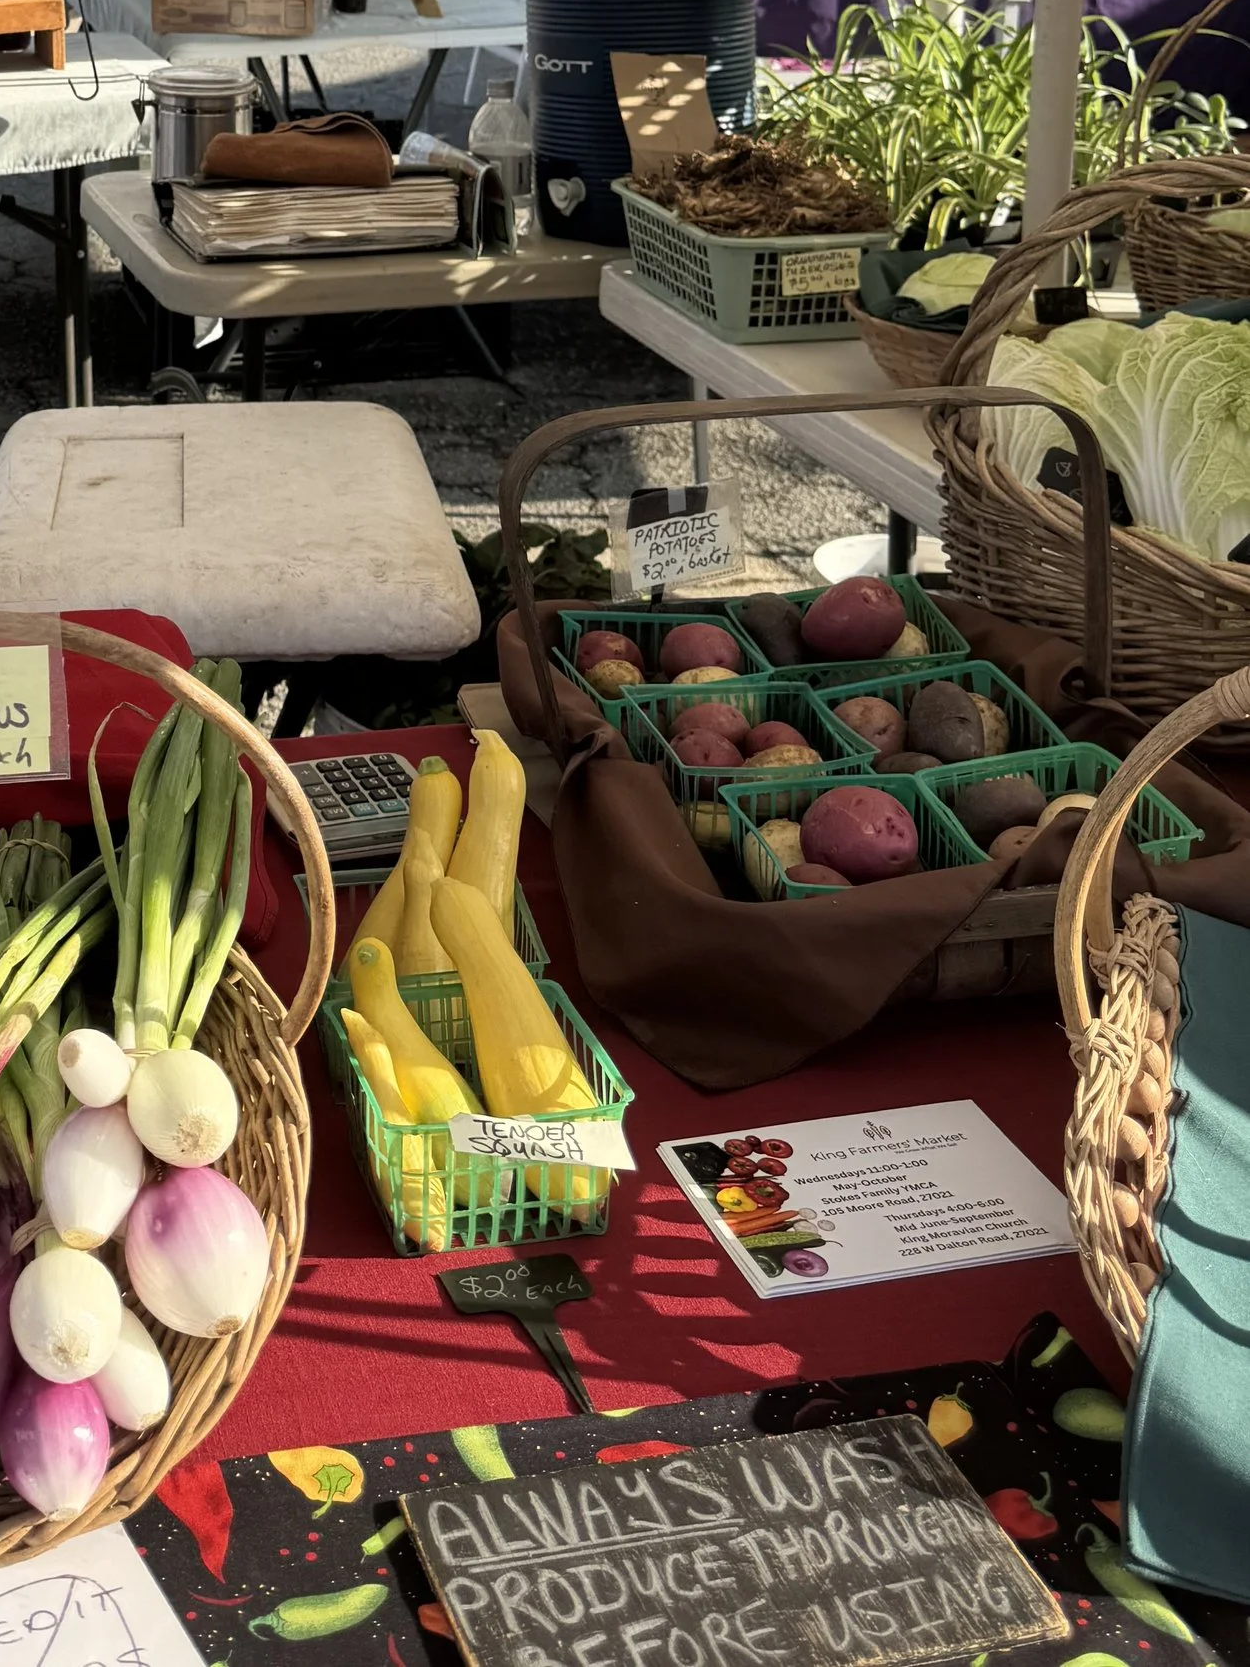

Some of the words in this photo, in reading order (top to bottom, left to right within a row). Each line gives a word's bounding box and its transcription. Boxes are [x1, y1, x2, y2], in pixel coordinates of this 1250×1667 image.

[534, 53, 593, 74] GOTT
[634, 512, 720, 547] PATRIOTIC
[649, 530, 717, 559] POTATOES
[472, 1118, 576, 1142] TENDER
[468, 1136, 584, 1161] SQUASH
[810, 1148, 847, 1162] King
[848, 1139, 911, 1156] Farmers'
[913, 1132, 968, 1147] Market
[794, 1168, 867, 1186] Wednesdays
[866, 1159, 928, 1175] 11:00-1:00
[832, 1174, 908, 1192] May-October
[820, 1191, 861, 1206] Stokes
[861, 1185, 900, 1201] Family
[900, 1181, 938, 1193] YMCA
[821, 1207, 845, 1217] 105
[845, 1202, 884, 1215] Moore
[885, 1195, 920, 1208] Road,
[919, 1190, 954, 1202] 27021
[883, 1207, 946, 1224] Thursdays
[946, 1197, 1005, 1213] 4:00-6:00
[893, 1223, 918, 1234] Mid
[918, 1208, 1015, 1230] June-September
[898, 1247, 922, 1257] 228
[921, 1245, 935, 1253] W
[936, 1238, 978, 1252] Dalton
[978, 1232, 1013, 1245] Road,
[1012, 1227, 1049, 1239] 27021
[899, 1234, 929, 1246] King
[929, 1226, 984, 1241] Moravian
[984, 1218, 1029, 1231] Church
[426, 1458, 736, 1566] ALWAYS
[738, 1426, 937, 1515] WASH
[445, 1543, 739, 1645] PRODUCE
[515, 1598, 799, 1667] BEFORE
[811, 1562, 1012, 1653] USING
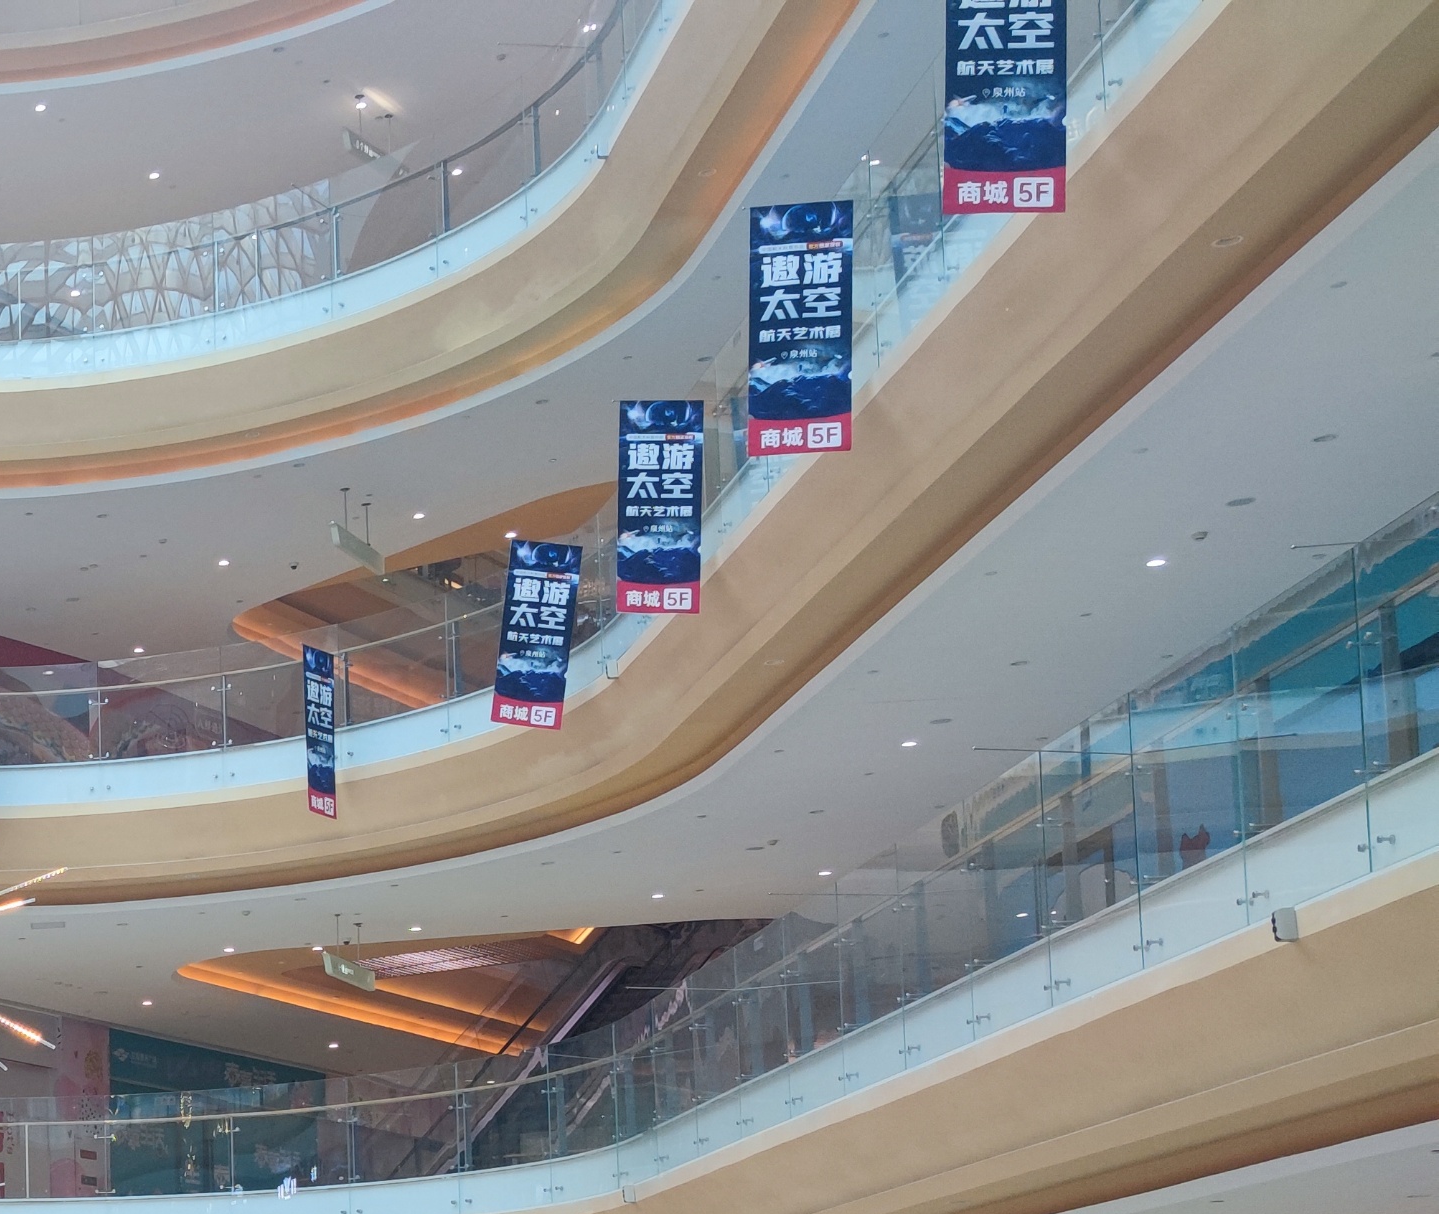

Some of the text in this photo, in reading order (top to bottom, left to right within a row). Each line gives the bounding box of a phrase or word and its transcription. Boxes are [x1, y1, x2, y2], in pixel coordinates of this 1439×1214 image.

[957, 12, 1055, 50] 太空
[956, 58, 1055, 77] 航天艺术展
[992, 87, 1026, 98] 泉州站
[957, 180, 1050, 205] 商城 5F
[760, 287, 841, 322] 太空
[789, 349, 818, 358] 泉州站
[811, 425, 840, 445] 5F
[627, 472, 693, 498] 太空
[666, 591, 690, 607] 5F
[509, 604, 567, 630] 太空
[533, 709, 554, 723] 5F

• The task
Set down the entries above exactly, and keep every picture out of your copy.

• Response to this task
Some of the words in this photo, in reading order (top to bottom, left to right within a row). Each line gives a word's bounding box and its transcription. Boxes are [x1, y1, x2, y2], in pixel coordinates of this 1250×1667 image.

[534, 53, 593, 74] GOTT
[634, 512, 720, 547] PATRIOTIC
[649, 530, 717, 559] POTATOES
[472, 1118, 576, 1142] TENDER
[468, 1136, 584, 1161] SQUASH
[810, 1148, 847, 1162] King
[848, 1139, 911, 1156] Farmers'
[913, 1132, 968, 1147] Market
[794, 1168, 867, 1186] Wednesdays
[866, 1159, 928, 1175] 11:00-1:00
[832, 1174, 908, 1192] May-October
[820, 1191, 861, 1206] Stokes
[861, 1185, 900, 1201] Family
[900, 1181, 938, 1193] YMCA
[821, 1207, 845, 1217] 105
[845, 1202, 884, 1215] Moore
[885, 1195, 920, 1208] Road,
[919, 1190, 954, 1202] 27021
[883, 1207, 946, 1224] Thursdays
[946, 1197, 1005, 1213] 4:00-6:00
[893, 1223, 918, 1234] Mid
[918, 1208, 1015, 1230] June-September
[898, 1247, 922, 1257] 228
[921, 1245, 935, 1253] W
[936, 1238, 978, 1252] Dalton
[978, 1232, 1013, 1245] Road,
[1012, 1227, 1049, 1239] 27021
[899, 1234, 929, 1246] King
[929, 1226, 984, 1241] Moravian
[984, 1218, 1029, 1231] Church
[426, 1458, 736, 1566] ALWAYS
[738, 1426, 937, 1515] WASH
[445, 1543, 739, 1645] PRODUCE
[515, 1598, 799, 1667] BEFORE
[811, 1562, 1012, 1653] USING

Some of the text in this photo, in reading order (top to bottom, left to right within a row). Each line gives the bounding box of a phrase or word and its transcription. Boxes are [x1, y1, x2, y2], in pixel coordinates of this 1439×1214 image.

[957, 12, 1055, 50] 太空
[956, 58, 1055, 77] 航天艺术展
[992, 87, 1026, 98] 泉州站
[957, 180, 1050, 205] 商城 5F
[760, 287, 841, 322] 太空
[789, 349, 818, 358] 泉州站
[811, 425, 840, 445] 5F
[627, 472, 693, 498] 太空
[666, 591, 690, 607] 5F
[509, 604, 567, 630] 太空
[533, 709, 554, 723] 5F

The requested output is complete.